Adapun kriteria wilayah Ring 1 ditetapkan secara sederhana berdasarkan batas wilayah desa yang berdampingan langsung dengan area operasi geothermal Salak. Jumlah desa penikmat bonus produksi tersebut dapat bervariasi tergantung pada cakupan wilayah geografis yang bersentuhan di lapangan.
Sayangnya, Irwan tidak bisa menyebutkan berapa besaran bonus produksi yang diberikan tiap tahunnya kepada Pemda.
Menurut Irwan, pembagian porsi penerimaan dari tingkat kabupaten ke wilayah desa sepenuhnya berada di bawah wewenang keputusan pimpinan daerah melalui Peraturan Bupati (Perbup).
Dia mencontohkan, Geothermal Salak diketahui berada di kawasan Kabupaten Bogor dan Kabupaten Sukabumi.
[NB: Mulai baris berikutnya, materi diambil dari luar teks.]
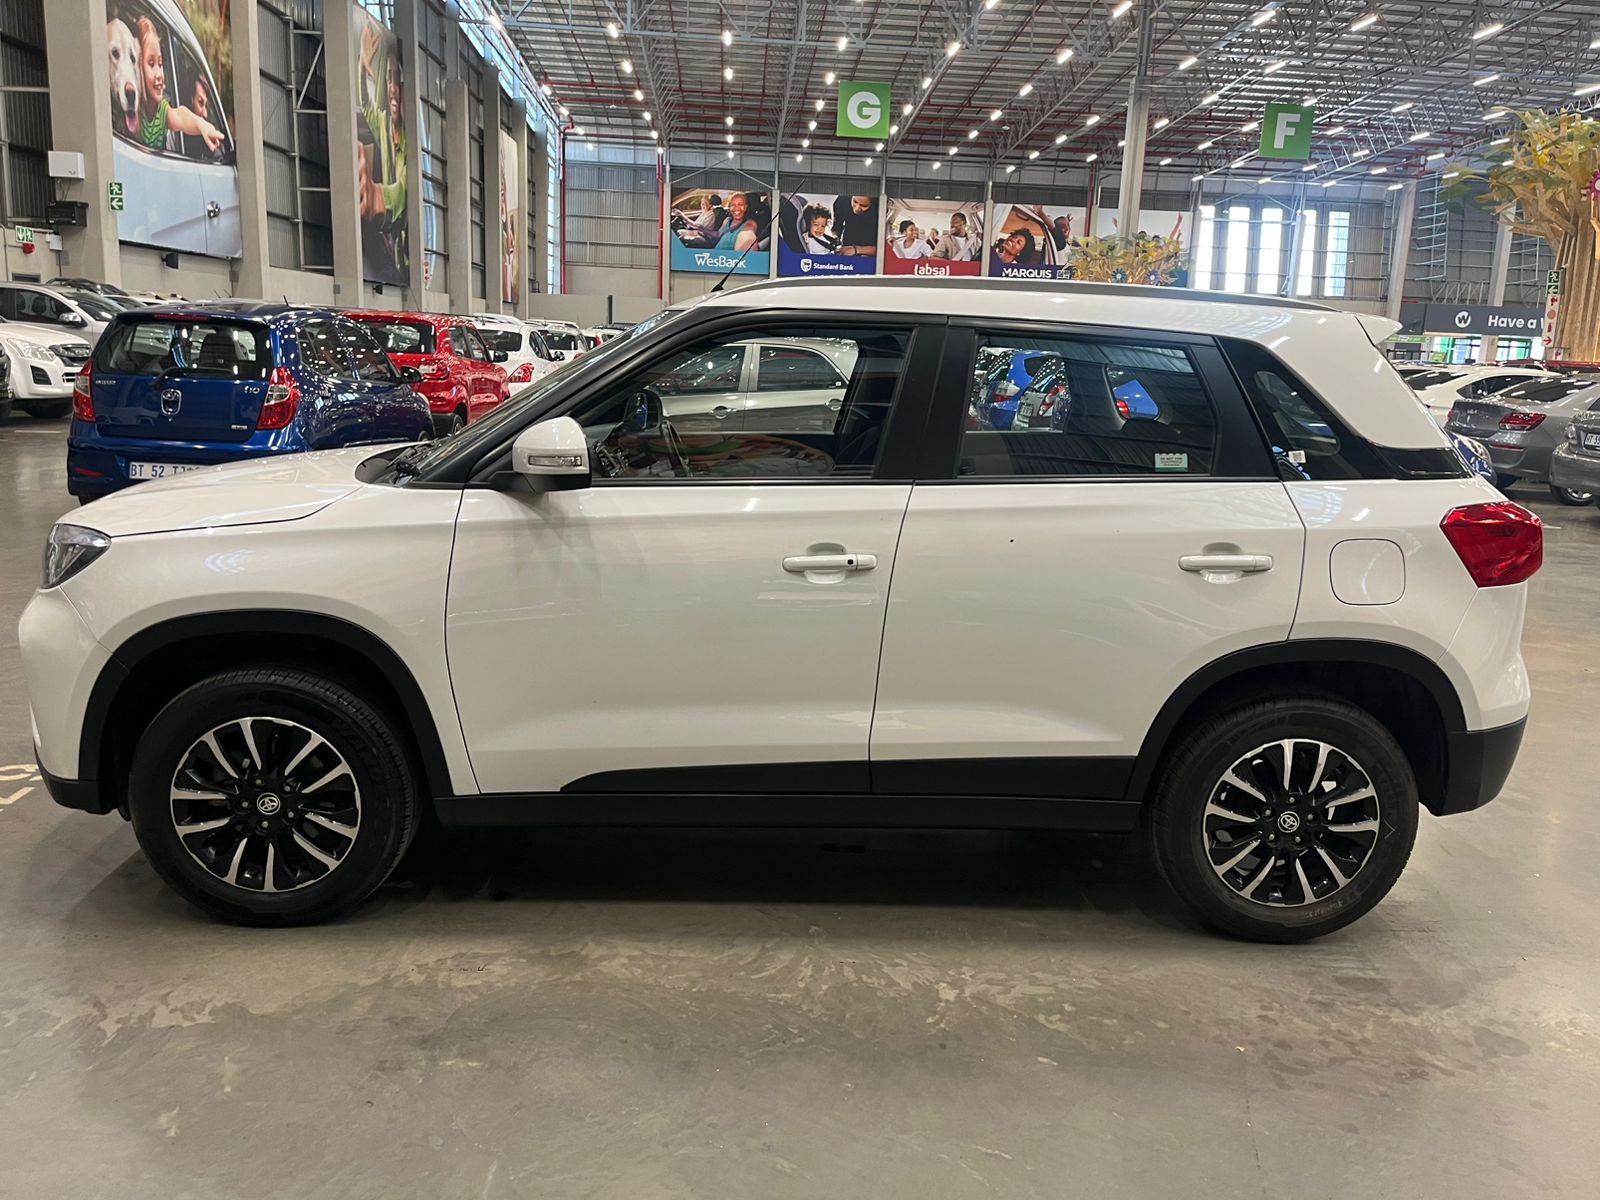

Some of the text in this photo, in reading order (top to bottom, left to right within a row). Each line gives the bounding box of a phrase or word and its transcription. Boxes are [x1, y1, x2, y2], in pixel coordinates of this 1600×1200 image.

[847, 91, 881, 129] G
[1273, 112, 1301, 149] F
[694, 252, 746, 269] WesBank
[813, 263, 854, 271] Standard Bank
[1002, 267, 1052, 279] MARQUIS
[1487, 314, 1524, 329] Have
[1527, 317, 1537, 329] a
[130, 464, 145, 477] BT
[151, 464, 165, 478] 52
Untuk Kabupaten Bogor, bonus produksi diberikan sebesar 70%, sedangkan Kabupaten Sukabumi sebesar 50%, hal ini sesuai dengan Perbub masing-masing wilayah.
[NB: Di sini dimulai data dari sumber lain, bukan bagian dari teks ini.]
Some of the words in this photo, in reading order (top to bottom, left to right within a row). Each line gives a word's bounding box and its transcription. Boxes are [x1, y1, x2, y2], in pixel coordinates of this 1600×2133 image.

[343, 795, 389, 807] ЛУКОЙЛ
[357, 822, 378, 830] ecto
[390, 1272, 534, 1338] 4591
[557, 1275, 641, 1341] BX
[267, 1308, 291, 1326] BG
“Karena kan kalau mau unsur pemerataan, ini kan hasil bukan hanya untuk daerah penghasil, tapi daerah lain juga butuh support pembangunan, nah Bupati bisa punya pertimbangan tersebut. Jadi dari kami kewajibannya membayar ke Pemda, langsung tidak melewati pemerintah pusat,” pungkasnya.
Selama lebih dari tiga dekade, Star Energy Geothermal Salak, Ltd. (SEGS) telah menyediakan energi panas bumi di Jawa Barat. Dengan kapasitas terpasang 403,2 megawatt (MW), operasi Salak terus berkembang. Kapasitas tersebut berasal dari Unit 1, 2, dan 3 sebesar 180 MW, Unit 4, 5, dan 6 sebesar 208,7 MW, serta Binary Power Plant sebesar 14,5 MW yang mulai beroperasi pada 2025.
Ke depan, pengembangan Unit 7 berkapasitas 40 MW yang direncanakan beroperasi secara komersial pada Desember 2026 akan membawa kapasitas Salak menjadi sekitar 443 MW.